For ensconced now in the municipal hall of Josefina are a Mayor, Vice-Mayor and a few SB members who would ordinarily not win elections. When I heard about this turn of events upon my return from my sabbatical, I could not believe something remarkable has happened in Josefina.  Indeed, the people themselves were very pleased with the outcome of their local elections, for they had elected non-traditional politicians.

Maria Fe Mahinay-Pitogo, elected Mayor, looks like she is just out of college. This is her first attempt at an electoral position. Having been an honest, successful businesswoman, the people believed she had enough entrepreneurial skills to do well as their town Mayor.  The Vice-Mayor is Catalino Adapon whose life story might have been chronicled in Maala-ala Mo Kaya.  When he was just around 16 years old at the height of martial rule in Josefina, his whole family – father, mother, siblings and a cousin – were massacred by the military. If he were not visiting a relative in a nearby place, he, too, would have been killed.

First SB member is Ralphie Asuncion who looks like he had just finished high school.
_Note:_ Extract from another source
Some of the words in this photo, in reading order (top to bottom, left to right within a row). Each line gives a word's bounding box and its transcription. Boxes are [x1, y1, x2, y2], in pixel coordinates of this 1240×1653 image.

A former Franciscan (OFM) seminarian, Ralphie could easily fit in as head of the SK. Instead he is SB No. 1.  Being single, he is the most sought bachelor in this part of the island.

Next to him is the lay missionary who, one very early morning in 1990, thought his life would end with the NPA's attack on Calabat's army camp. Dodong Villas had survived that incident and fallen in love with a local parish worker while we were doing our mission in Josefina. He stayed on after we completed our task in the parish and married Fely. Today he cultivates a farm, manages a sari-sari store and, with his wife, takes care of their four children.
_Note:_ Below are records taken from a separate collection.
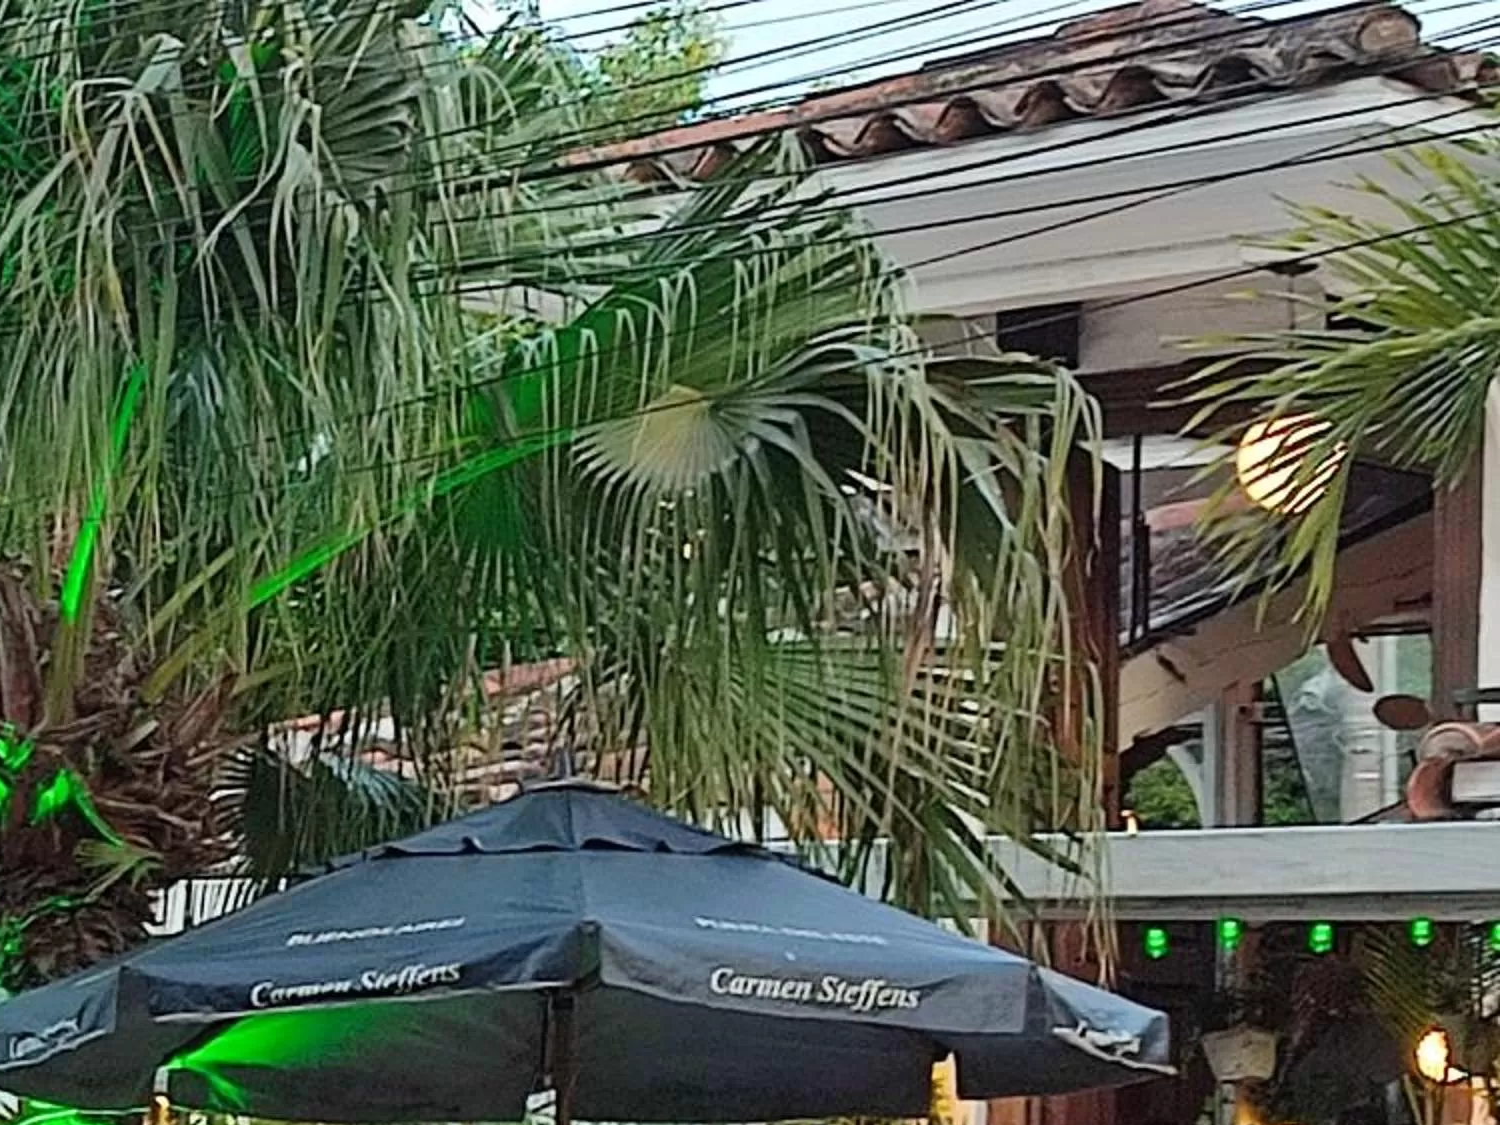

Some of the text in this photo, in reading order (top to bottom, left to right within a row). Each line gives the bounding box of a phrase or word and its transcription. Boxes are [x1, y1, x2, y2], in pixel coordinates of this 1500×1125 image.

[250, 962, 464, 1008] Carmen Steffens
[710, 967, 921, 1012] Carmen Steffens
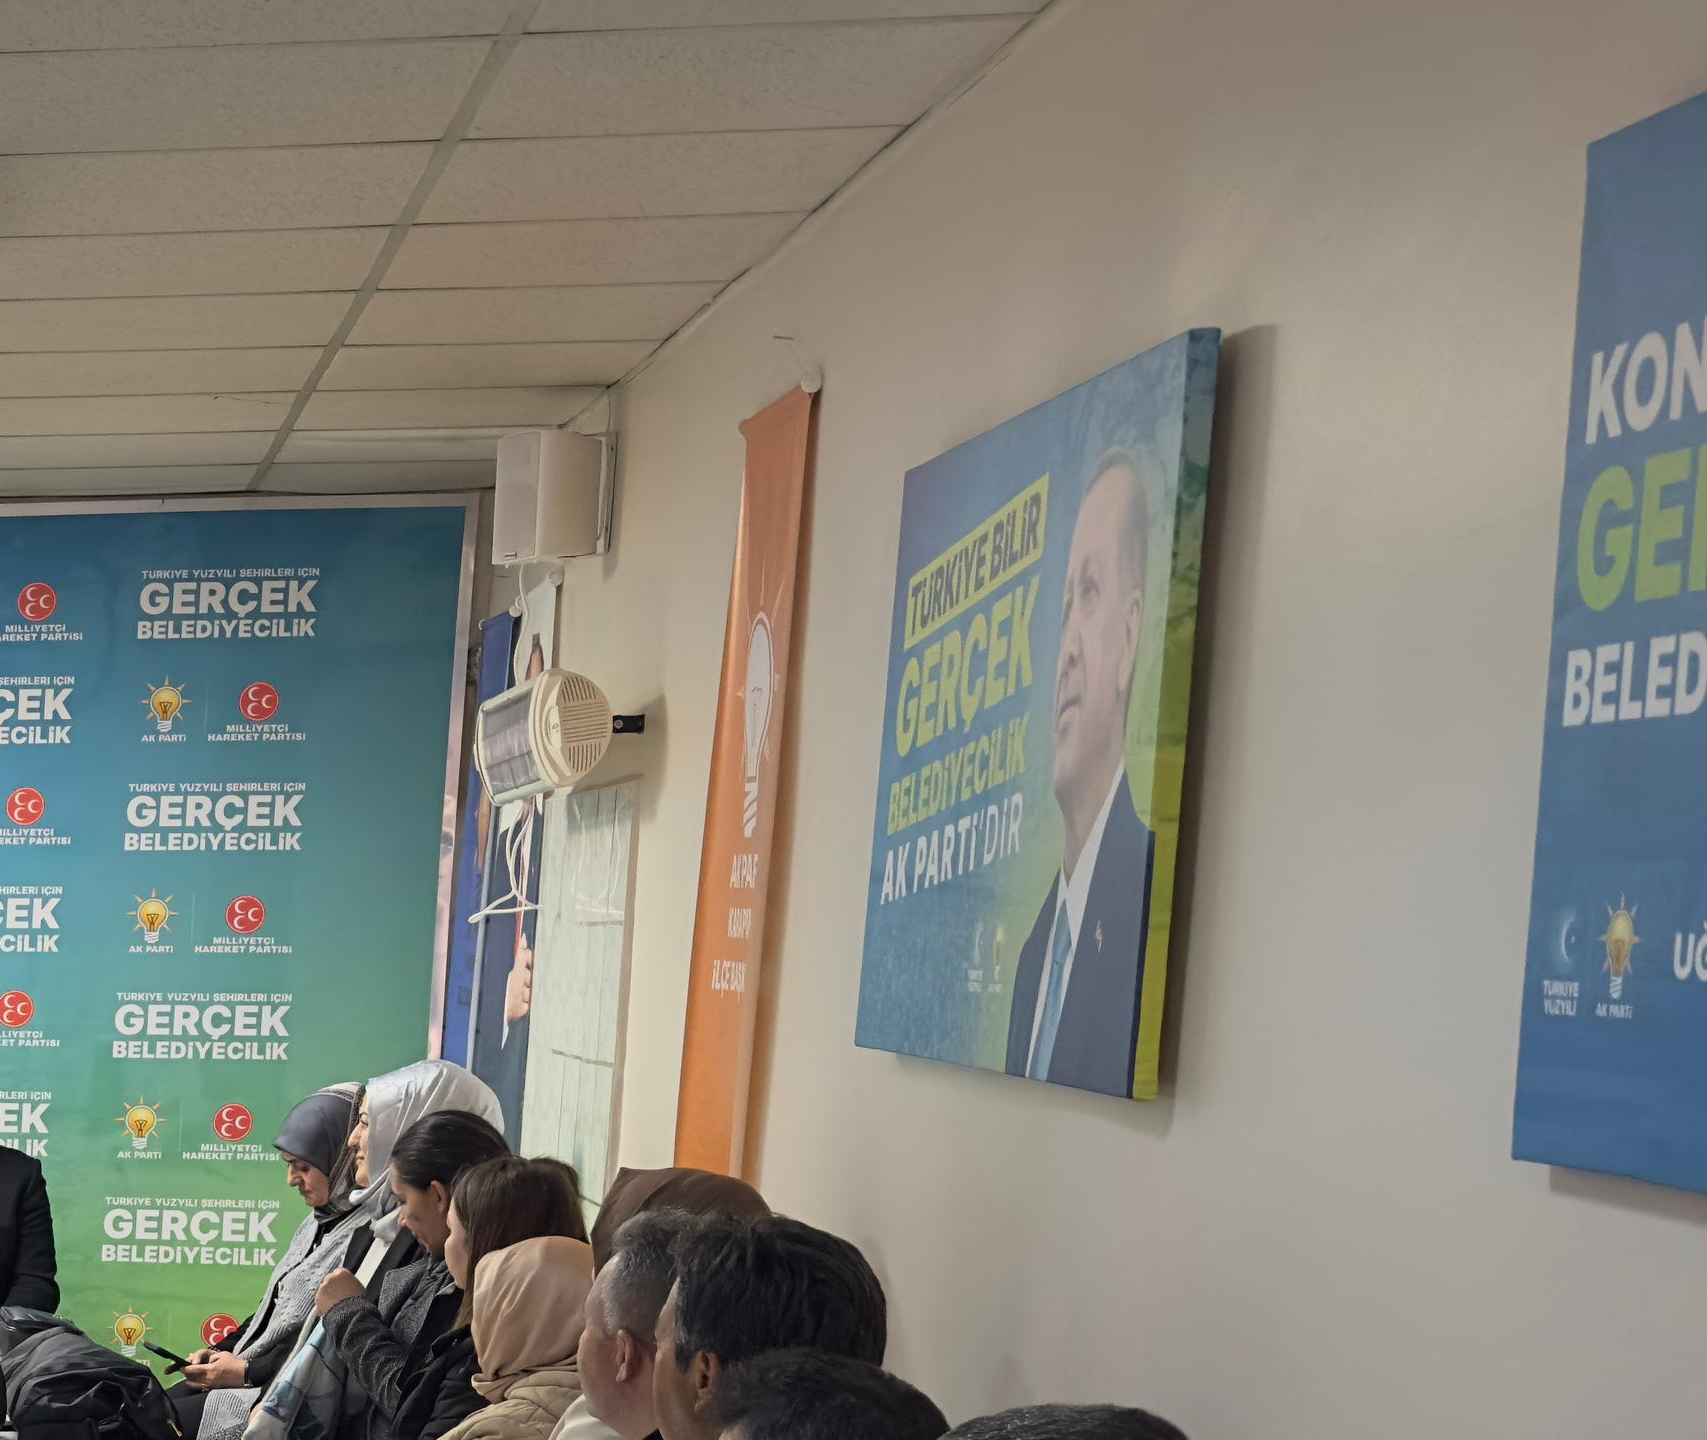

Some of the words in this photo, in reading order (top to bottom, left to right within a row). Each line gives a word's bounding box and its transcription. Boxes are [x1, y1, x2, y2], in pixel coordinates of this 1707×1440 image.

[140, 580, 317, 617] GERÇEK
[896, 575, 1040, 757] GERÇEK
[208, 733, 260, 741] HAREKET
[127, 795, 303, 831] GERÇEK
[880, 842, 911, 904] AK
[115, 1004, 290, 1040] GERÇEK
[183, 1152, 234, 1160] HAREKET
[102, 1208, 277, 1246] GERÇEK
With the likes of Maria Fe, Catalino, Ralphie and Dodong taking charge of Josefina's governance, the people are optimistic that things will change for the better. Echoing Fr. Tigoy's prayer, they continue to wish that peace will continue to reign in Josefina. They also pray that with the new set of local officials, there could be some improvement in their lives, especially in alleviating poverty.

One is not yet sure at this stage if peace will reign in Josefina in the years to come.  The guns may have been silenced for the moment. But the warriors are just biding their time. Those who allow themselves a critical mind know that nation's present socio-eco-political situation cannot yet guarantee that places like Josefina will bask in the light of peace in the years to come.

However, there is no question that in just a few years after the guns in Josefina were stilled, the lamentations ended.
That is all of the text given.